University of Virginia Library

THE SUPERSAVERS


The elder statesmen of fundamentalist religious telecasting are Billy Graham, Rex Humbard, Oral Roberts, and Jerry Falwell. Collectively, they may have as many viewers as most of the other TV preachers combined. They are all fundamentalist in theology, but there are important differences in their approaches to television and in the messages they preach.

Billy Graham


According to legend, William Randolph Hearst sent out a two-word memo to his nationwide chain of newspapers: "Puff Graham." The year was 1949, and young Billy Graham was conducting an evangelistic crusade in Los Angeles. Reporters and editors obliged Mr. Hearst, and Billy hit the big time.

During the thirty-three years of Billy Graham's worldwide evangelistic crusades he has spoken to 90 million persons face to face. The number who have seen or heard him on television and radio may total in the hundreds of millions. He is unquestionably the most highly visible and preeminent religious figure in the United States. He has his critics, but year after year he appears on the list of America's ten most respected men.


21

Billy Graham has been so long identified with religious broadcasting that some casual observers are surprised to learn that he has never had a regular long-term television program. Graham's televised crusades are all specials. They appear on an irregular basis in prime time, which Graham purchases on stations around the country for each broadcast.

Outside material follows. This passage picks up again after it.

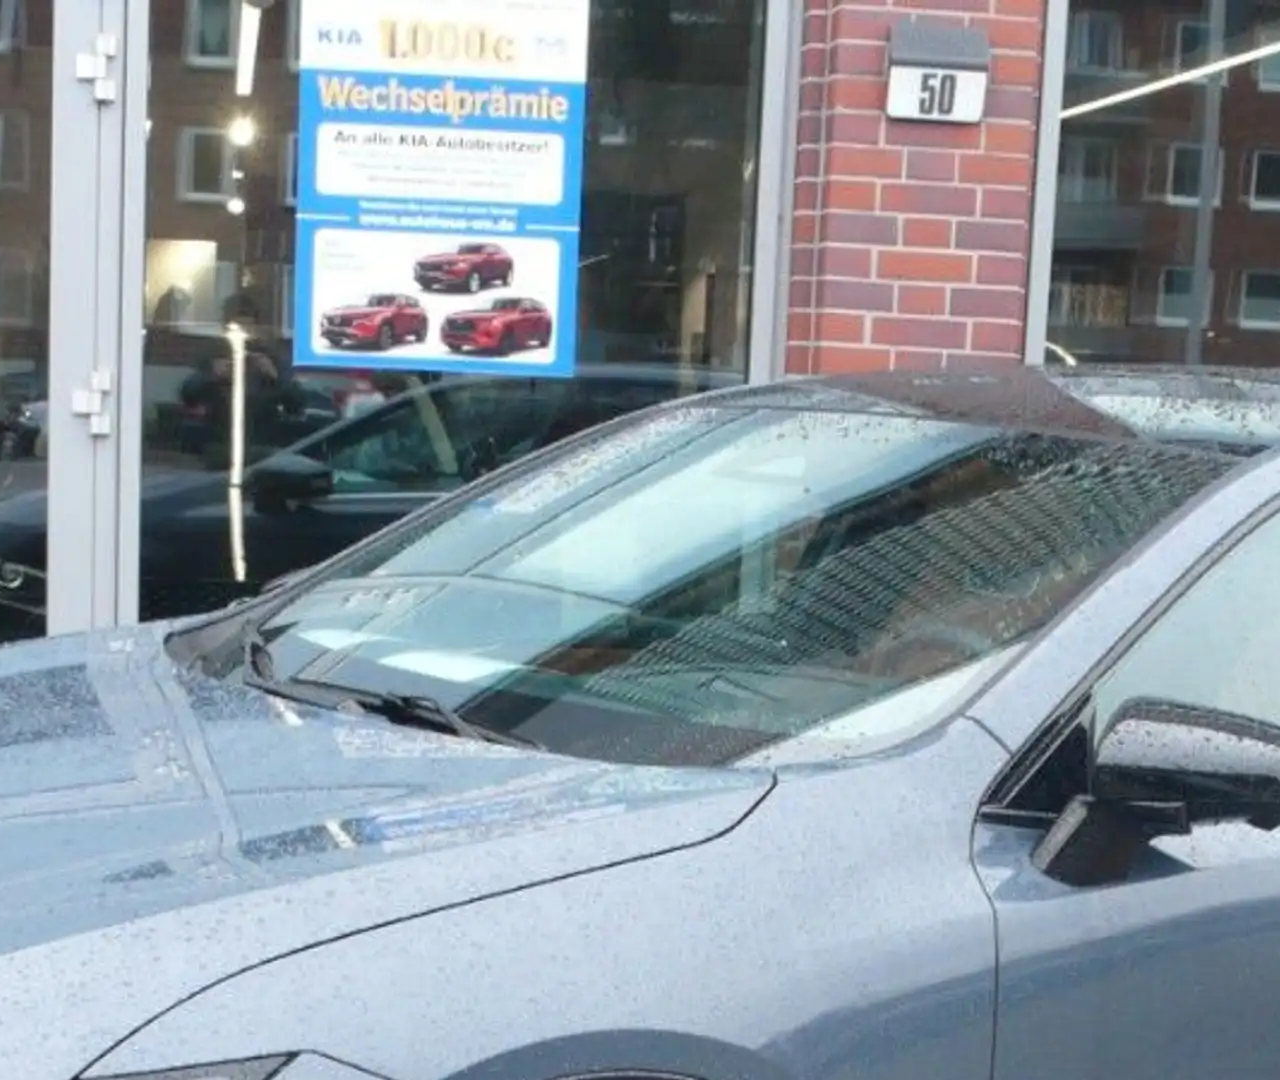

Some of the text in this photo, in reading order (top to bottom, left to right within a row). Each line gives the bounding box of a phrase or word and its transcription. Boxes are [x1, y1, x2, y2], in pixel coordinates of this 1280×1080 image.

[318, 28, 363, 46] KIA
[317, 75, 570, 124] Wechselprämie
[919, 73, 957, 115] 50
[333, 130, 357, 145] An
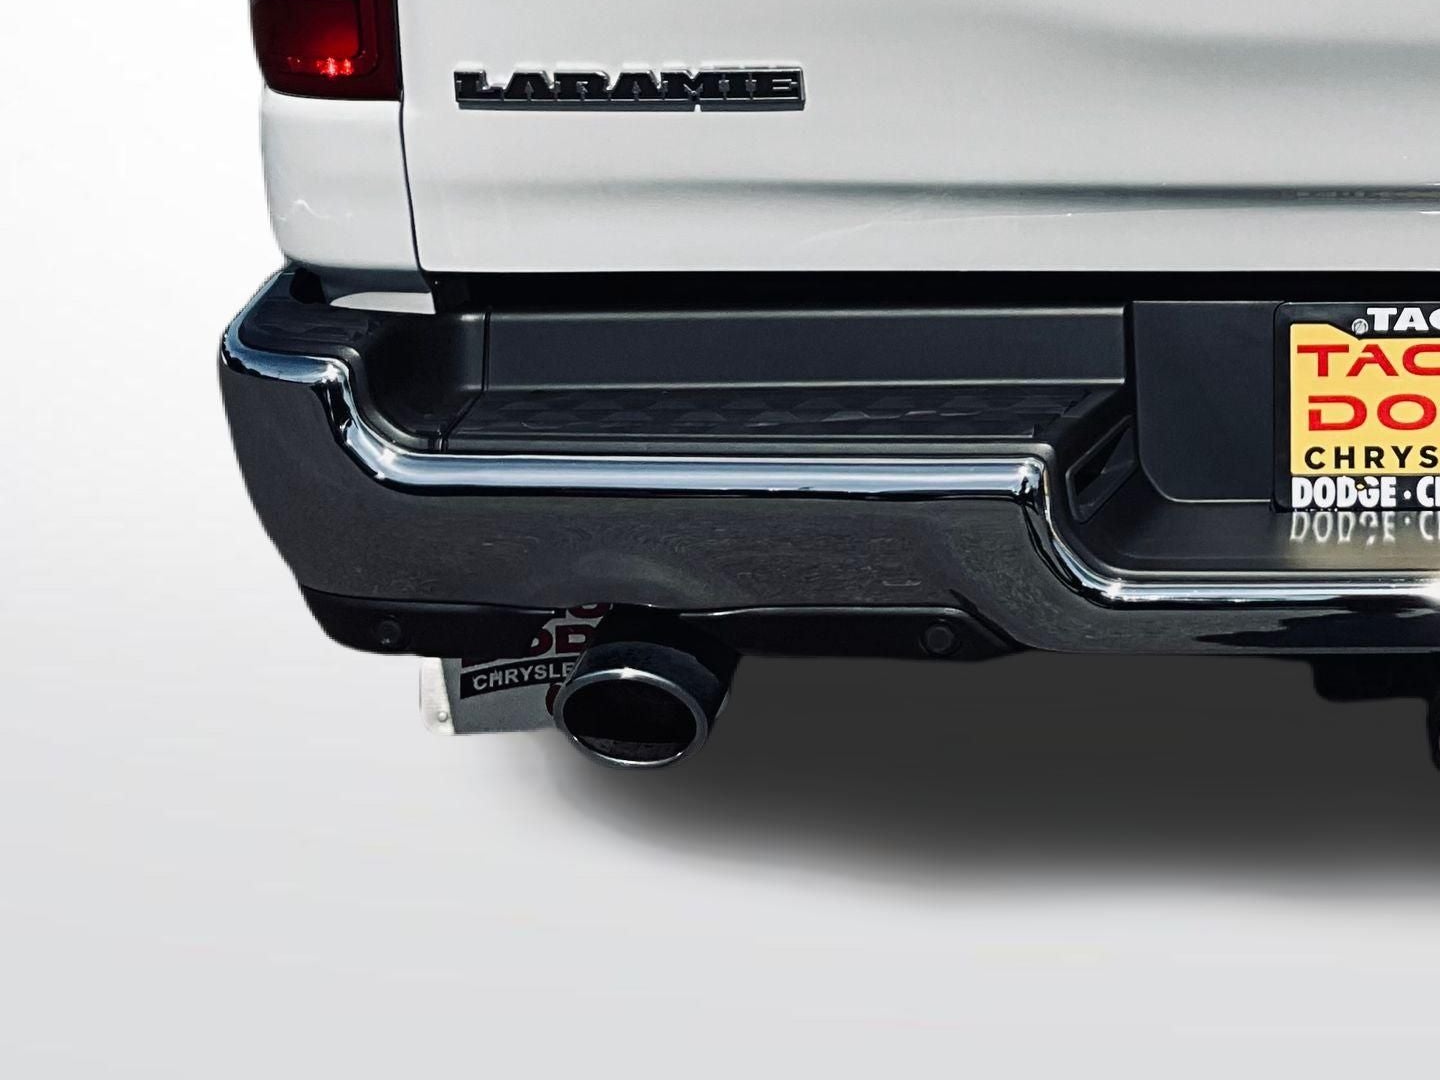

As a typical crusade telecast opens, cameras pan a rapidly filling stadium or auditorium. Other cameras have caught footage of crowds streaming into the entrances. Song leader Cliff Barrows directs several hundred people in a volunteer choir. Invariably, the choir sings "How Great Thou Art," which has been called the national anthem of revivalism. Warm-up activities have traditionally included solos by George Beverly Shea and by commercial recording artists, with testimonies by those artists and by other famous people.

Finally, Billy preaches. The message is always the same: "You must repent. You must be born again." Billy seldom speaks of social ills, except to point them out as the fruits of sin. He has been criticized by some who would like him to use his enormous influence to address them. His reply is that he was called to be a New Testament evangelist, not an Old Testament prophet. Graham's is a personalistic, privatistic gospel that never wanders from the necessity of individual transformation through accepting Jesus Christ as Savior.

Some critics consider Graham's theology shallow and his methods anachronistic, but they exempt him from the indictment of competing with local churches. Graham will not conduct a crusade in any city unless that crusade is sponsored by the churches; the churches must furnish droves of people to handle local arrangements, supervise the collections, and be responsible for follow-up activities. Lots of local people are also needed to act as counselors at the crusades.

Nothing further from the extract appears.